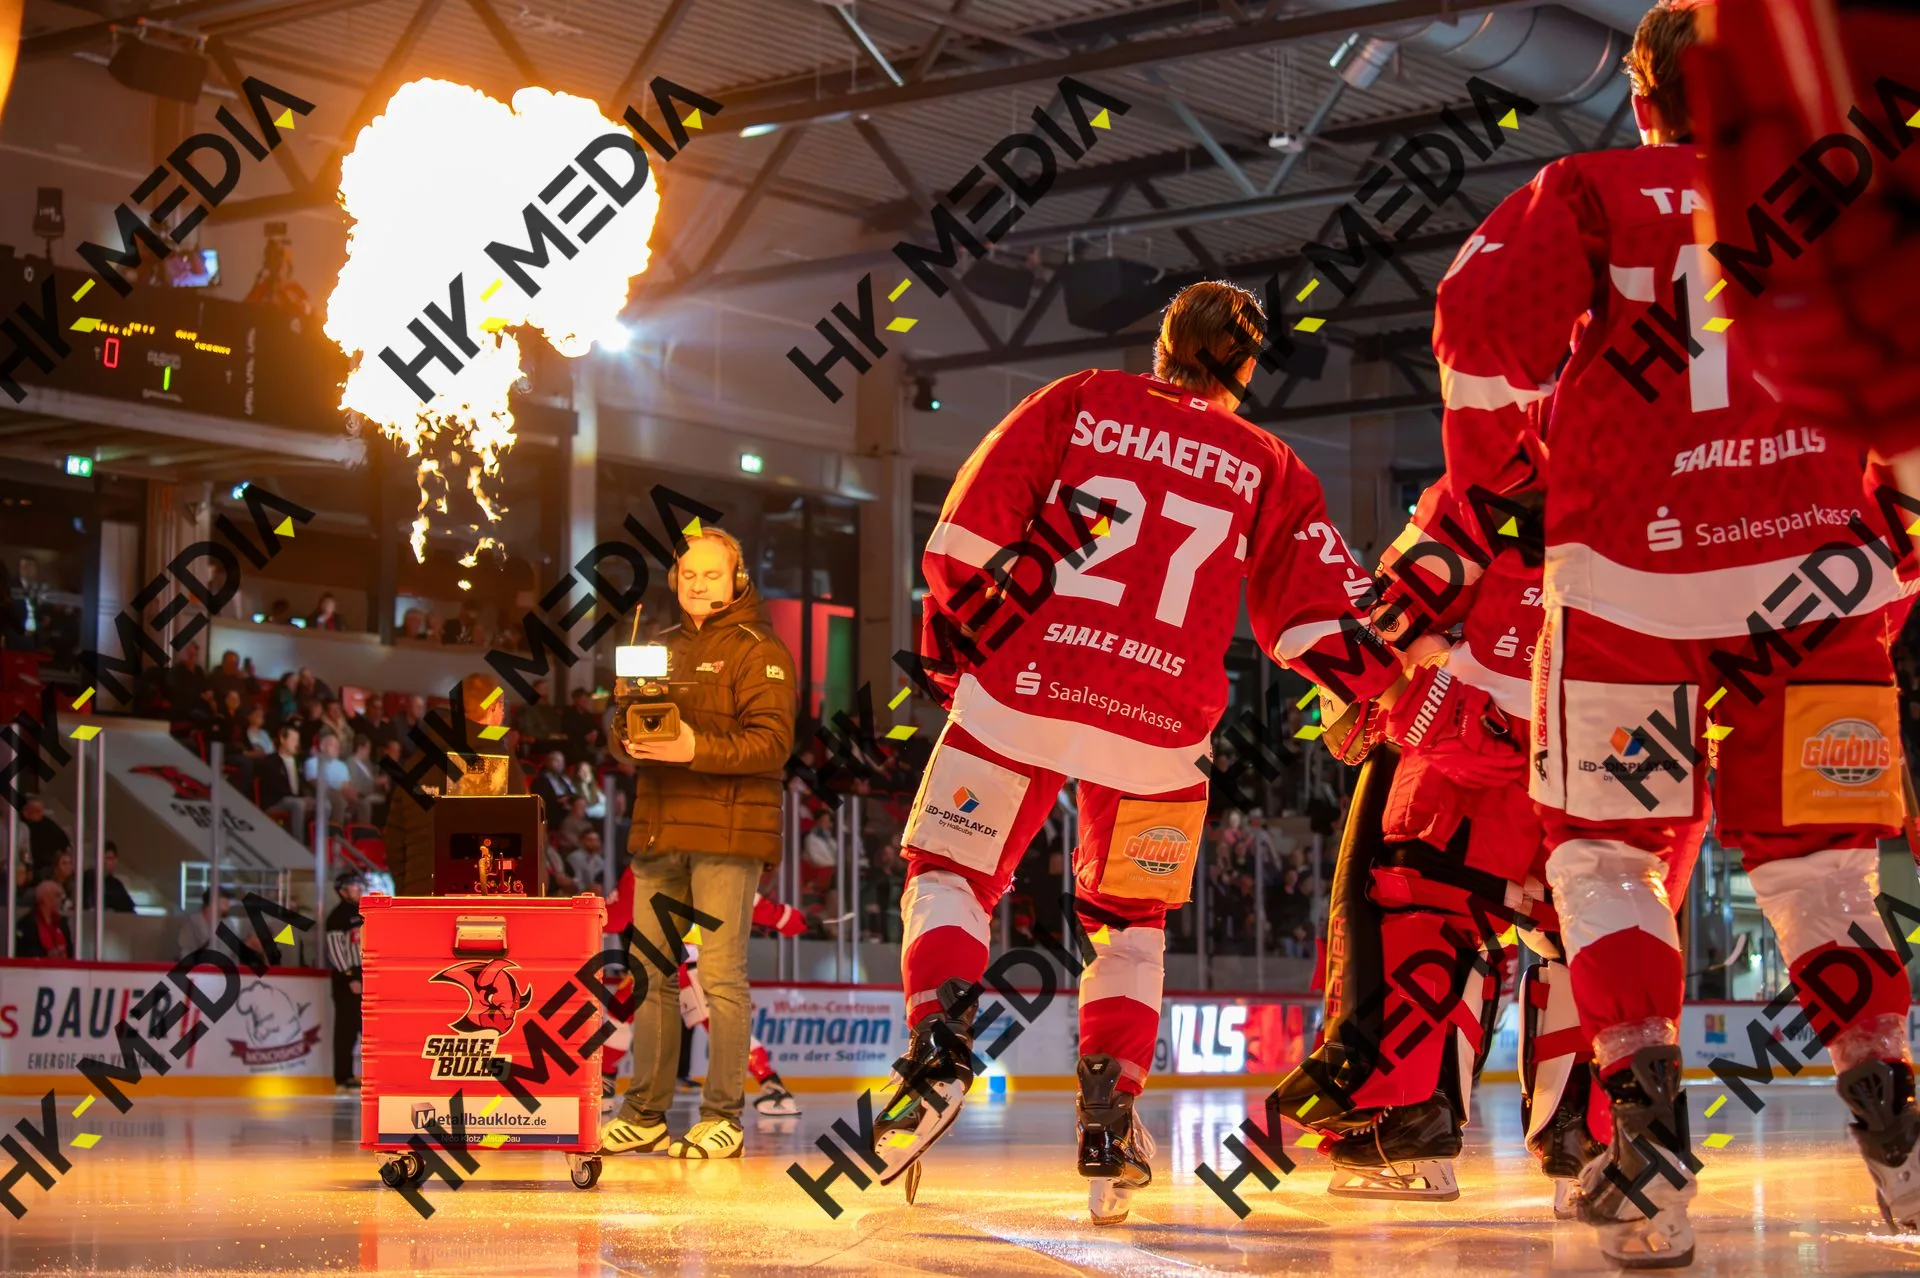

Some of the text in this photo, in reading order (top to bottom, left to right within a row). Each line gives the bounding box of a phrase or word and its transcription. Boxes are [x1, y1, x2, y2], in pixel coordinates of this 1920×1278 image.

[1071, 410, 1261, 504] SCHAEFER
[1671, 439, 1754, 476] SAALE
[1695, 504, 1861, 546] Saalesparkasse
[1054, 475, 1233, 628] 27
[1043, 623, 1186, 677] SAALE BULLS
[1047, 681, 1182, 733] Saalesparkasse
[1403, 669, 1452, 747] WARRIO
[925, 804, 998, 838] LED-DISPLAY.DE
[752, 1007, 892, 1044] hrmann
[28, 1053, 77, 1069] ENERGIE
[425, 1037, 495, 1057] SAALE
[437, 1057, 506, 1077] BULLS
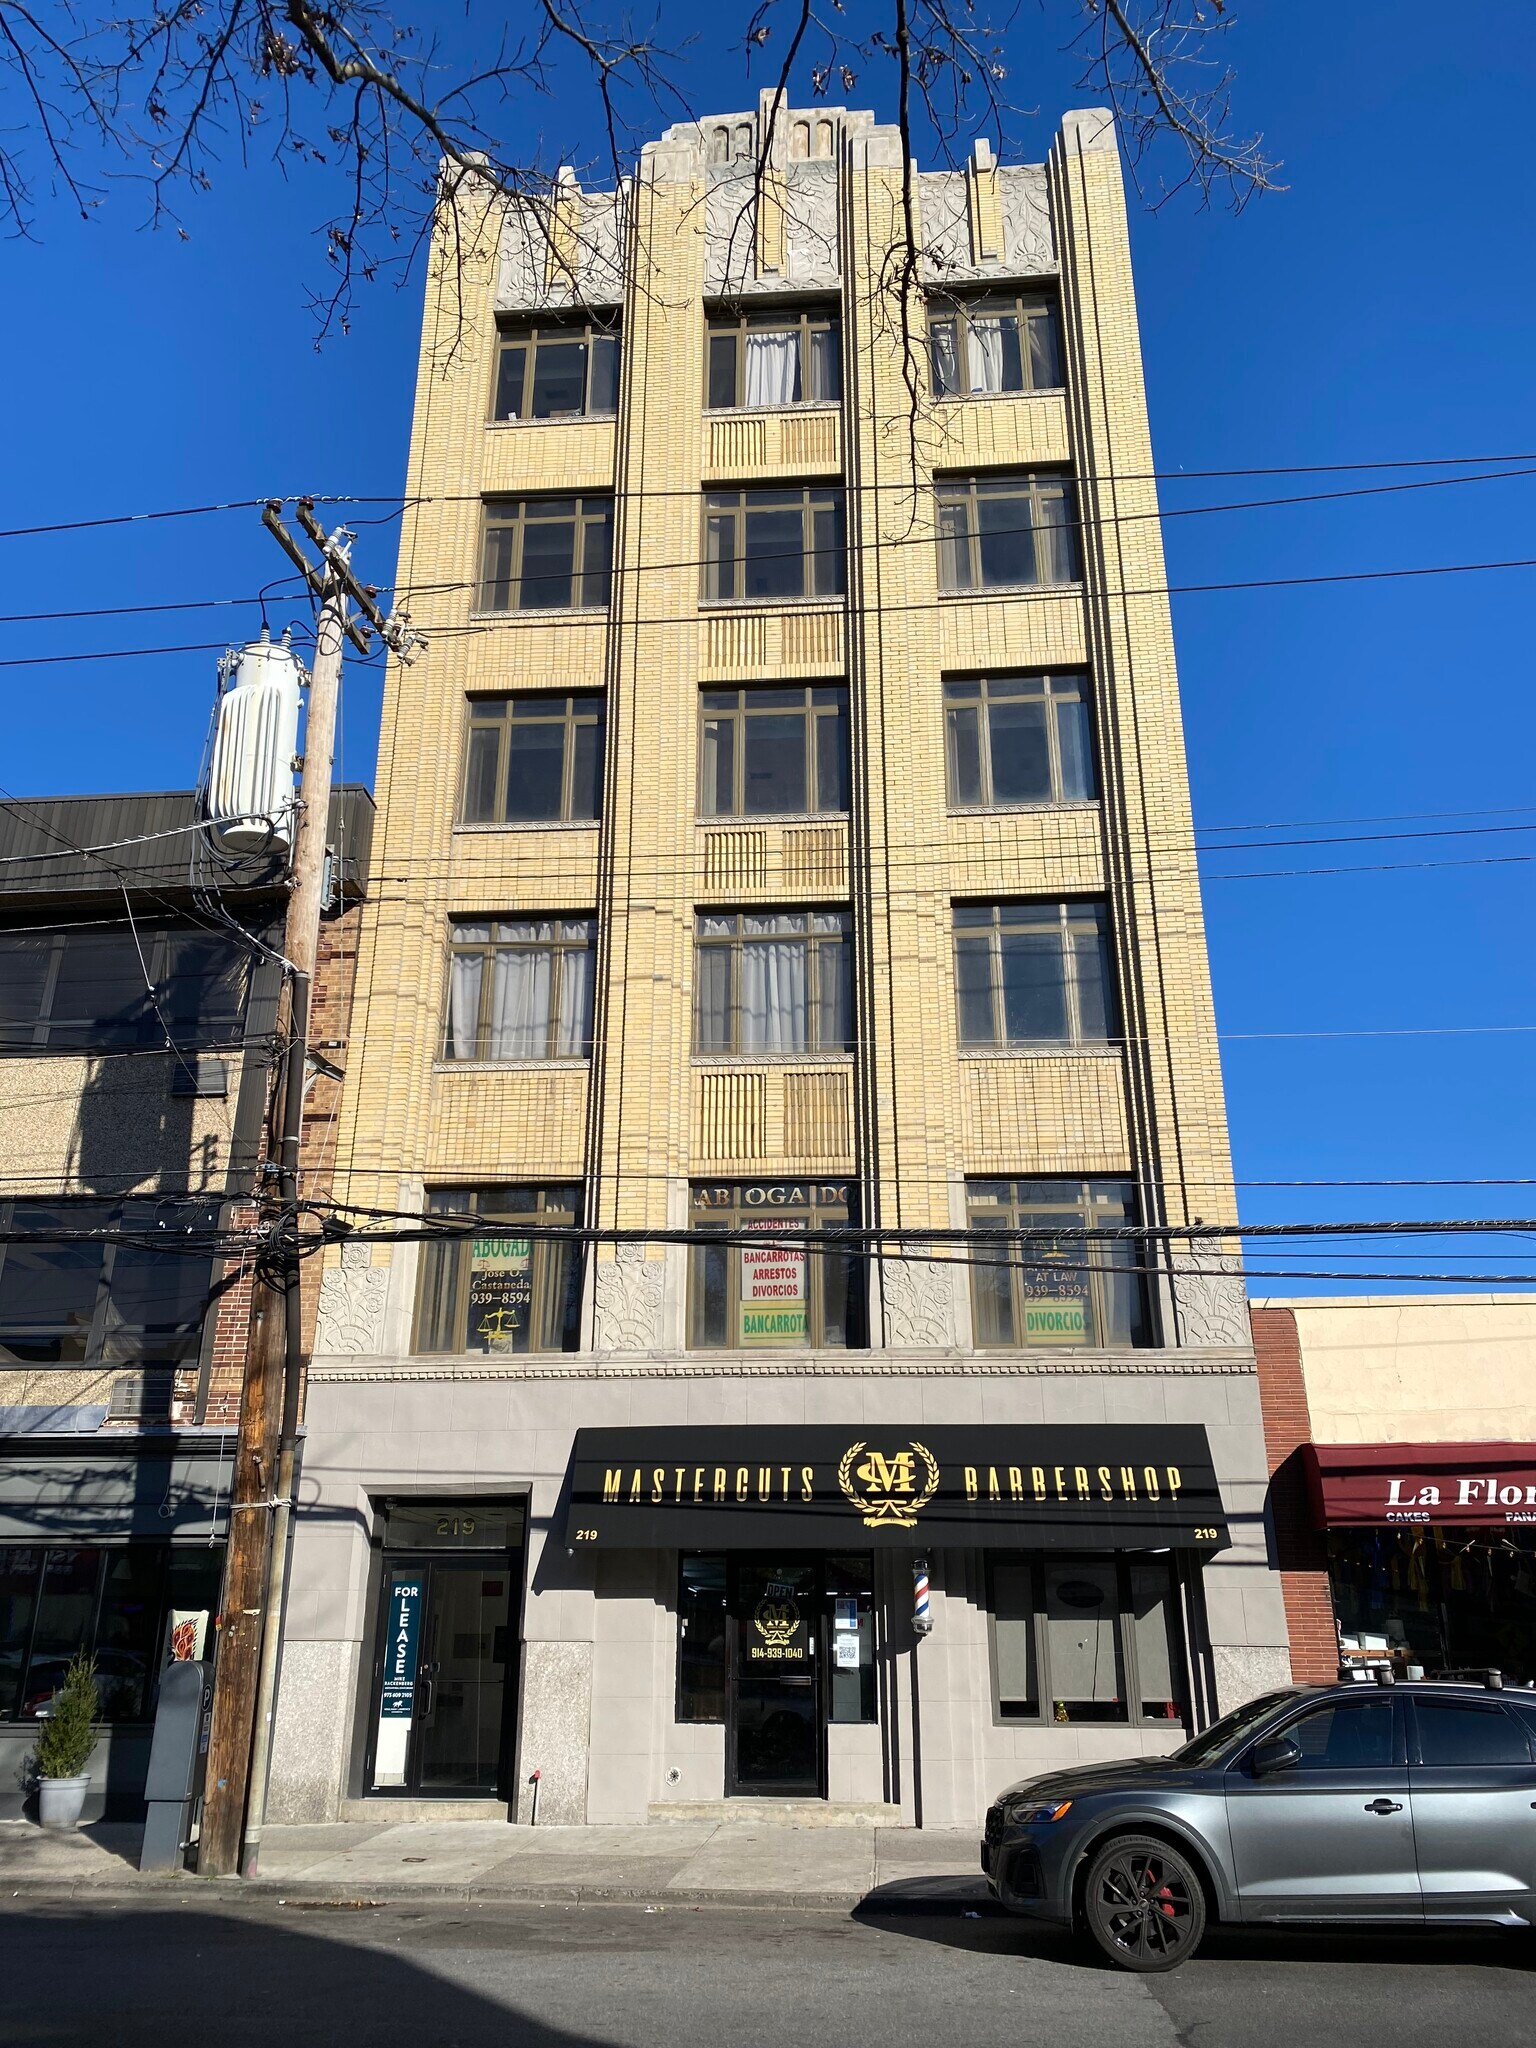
-.-.-
» What you should do:
Every entry above should be returned exactly, with no images included.

» Reply to the task:
Some of the text in this photo, in reading order (top to bottom, left to right within a row). Each line gives the bounding box of a phrase or word and its transcription. Boxes are [x1, y1, x2, y2], in pixel coordinates of this 1920×1278 image.

[1071, 410, 1261, 504] SCHAEFER
[1671, 439, 1754, 476] SAALE
[1695, 504, 1861, 546] Saalesparkasse
[1054, 475, 1233, 628] 27
[1043, 623, 1186, 677] SAALE BULLS
[1047, 681, 1182, 733] Saalesparkasse
[1403, 669, 1452, 747] WARRIO
[925, 804, 998, 838] LED-DISPLAY.DE
[752, 1007, 892, 1044] hrmann
[28, 1053, 77, 1069] ENERGIE
[425, 1037, 495, 1057] SAALE
[437, 1057, 506, 1077] BULLS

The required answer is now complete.